· By Jeni Himmer
Customer Spotlight - Molly Magnell
Everyone, meet Molly! Have I mentioned how much I LOVE that our tiny New York community is growing?
Pulled from her website: "Molly Magnell is an overgrown child with a pencil living and working in NYC/ NJ. She specializes in creating lifestyle imagery that mixes nature, powerful women, and greenery. She graduated with a BFA in Communication Design from the Sam Fox School in 2018 and Phillips Academy Andover in 2014."
What are you currently doing with your creativity? Professionally or just for fun?
"Right now, the biggest change in my life is transitioning from a fulltime job to working as a freelance illustrator and designer. Before, I was a Designer working on temporary and new permanent exhibitions at the American Museum of Natural History in New York."
How did you get started?
"Aside from a brief period in second grade where I wanted to be a doctor, I always knew I wanted to pursue some career in the arts—anything and everything between the spectrum of traditional animator to architect to fine arts painter. It was in middle school that I was exposed to the world of digital art (mainly through DeviantArt tutorials) and free font websites that allowed me to come up with my own naïve and stereotypically 2007-inspired artworks using a pirated copy of Photoshop CS3. My mom has always been incredibly supportive of me pursuing the arts and enrolled me in extracurricular art programs when we had some extra money, but a lot of my early training came from internet tutorials. The big turning point for me was when I was able to attend an elite boarding school on full scholarship that had an incredible arts program. The formal training I received help me fill in some of the technical gaps in my skills. On weekends, I basically camped out in the art computer lab teaching myself more Adobe programs and designing graphics for different groups on campus, which inspired me to pursue a degree in graphic design. But I wasn’t confident in a career in the arts, and wanted to study my second love, biology, for future job security."

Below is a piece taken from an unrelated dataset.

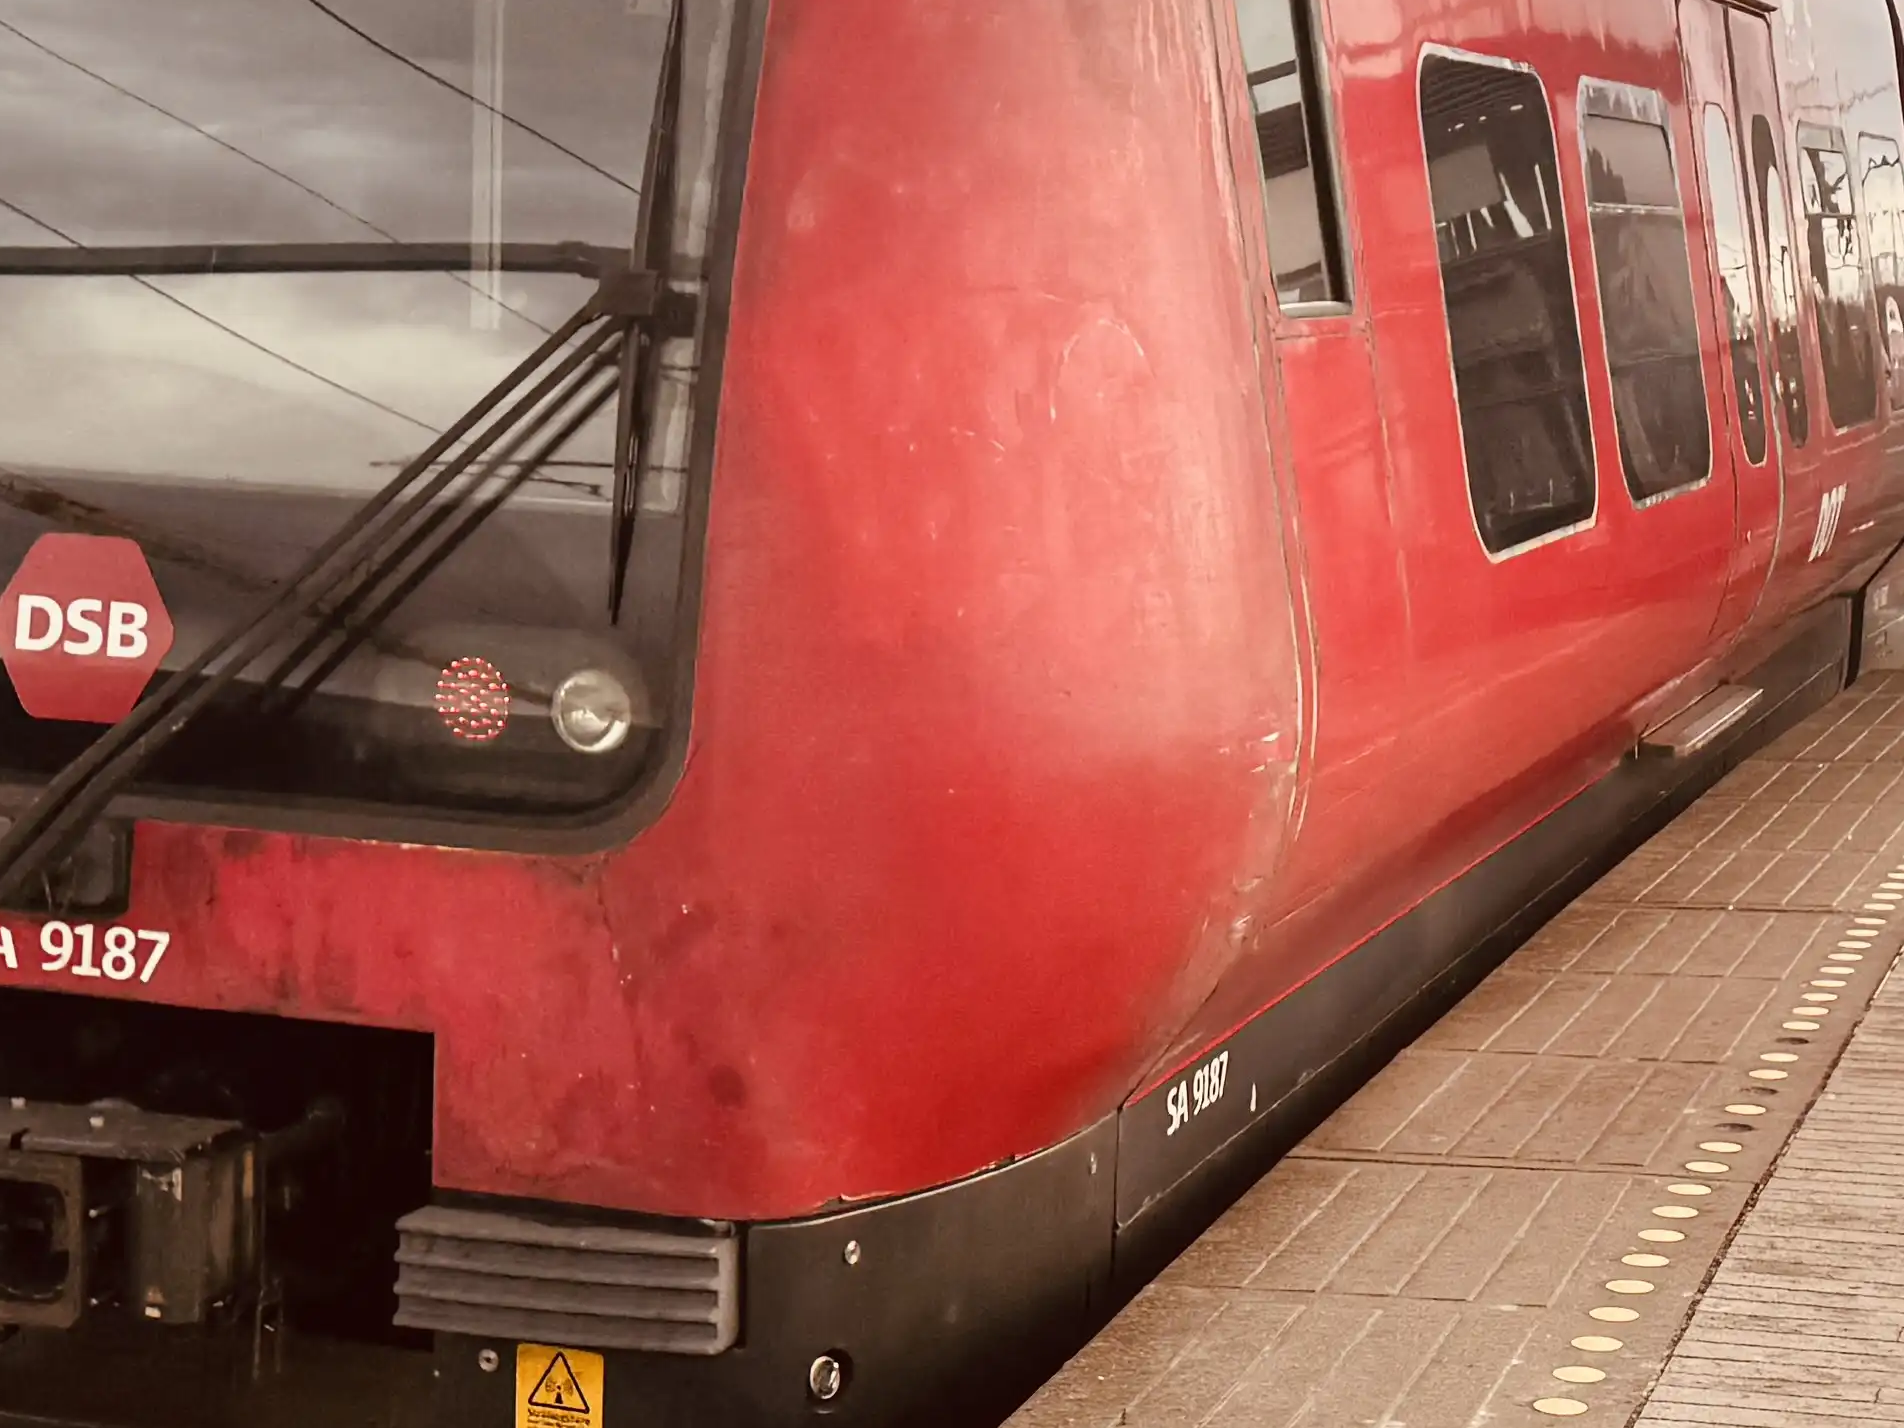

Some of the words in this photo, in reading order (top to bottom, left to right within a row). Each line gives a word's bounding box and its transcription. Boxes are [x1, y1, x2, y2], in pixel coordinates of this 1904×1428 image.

"Come freshman fall at Washington University in St. Louis, I fell completely out of love with design due to a very unenjoyable required 2D Design course but fell very in love with my drawing classes and my teacher who was able to help me jump leaps and bounds in my technical abilities in traditional tools. I did a near 180 and decided to pivot completely towards illustration, which I didn’t even know was a career growing up. While I enjoyed the unlimited potential of illustration and the ability to break the rules of strictly representational art, there was a part of my brain that really enjoyed the structure and unique problem-solving creativity associated with design. In the end, I graduated as a hybrid “designustrator” with some sprinklings of self-taught animation."
"After some brief stints in the corporate world (internships at Facebook, an ad agency called 72andSunny, and now the museum), I realized that I miss completely owning a project and enjoy bringing an idea to completely to fruition without needing outside input that sometimes brought limitations that I didn’t agree with. So, I quit my job. It sounds silly to leave a salaried position in the middle of a global pandemic when so many people have lost their jobs, but I feel a big relief regaining agency over my work and my time—I don’t think I was ever suited for a corporate 9-5 schedule."
"In terms of my work now, I feel like it’s still stewing. I’m figuring out the balance of illustration and design and investigating how I like to make things. Currently, I enjoy mixing digital and analog printmaking techniques. I’m obsessed with risograph printing and the quirks that come with the semi-unpredictable tool."
"In my spare time, I’m embracing therapeutic crafts like building preserved moss boxes, making paper art using my new Cricut machine, and building modular origami to embrace building physical things with my hands. I’m also interested in the unpredictability of generative art that comes from coding, and I hope to eventually make a zine of pieces derived entirely by Python. Occasionally, I’ll stop making altogether to enjoy propagating some of my house plants, help my boyfriend and some of our friends start a coffee roasting company, and watch games of competitive League of Legends."
What inspires you?
"I think sites like Pinterest, Instagram, and Behance turn into a bit of a feedback loop of the same types of art. While helpful at times, I try to avoid these sites as my only source of creative inspiration. I collect a lot of art and design books that give me a curated look at works across time. I’m currently obsessed with the impossible spaces created by “paper architects” like Alexander Brodsky and Ilya Utkin, the multidisciplinary and joy-inducing work of Kelli Anderson, and the intricacy of traditional Chinese papercut art."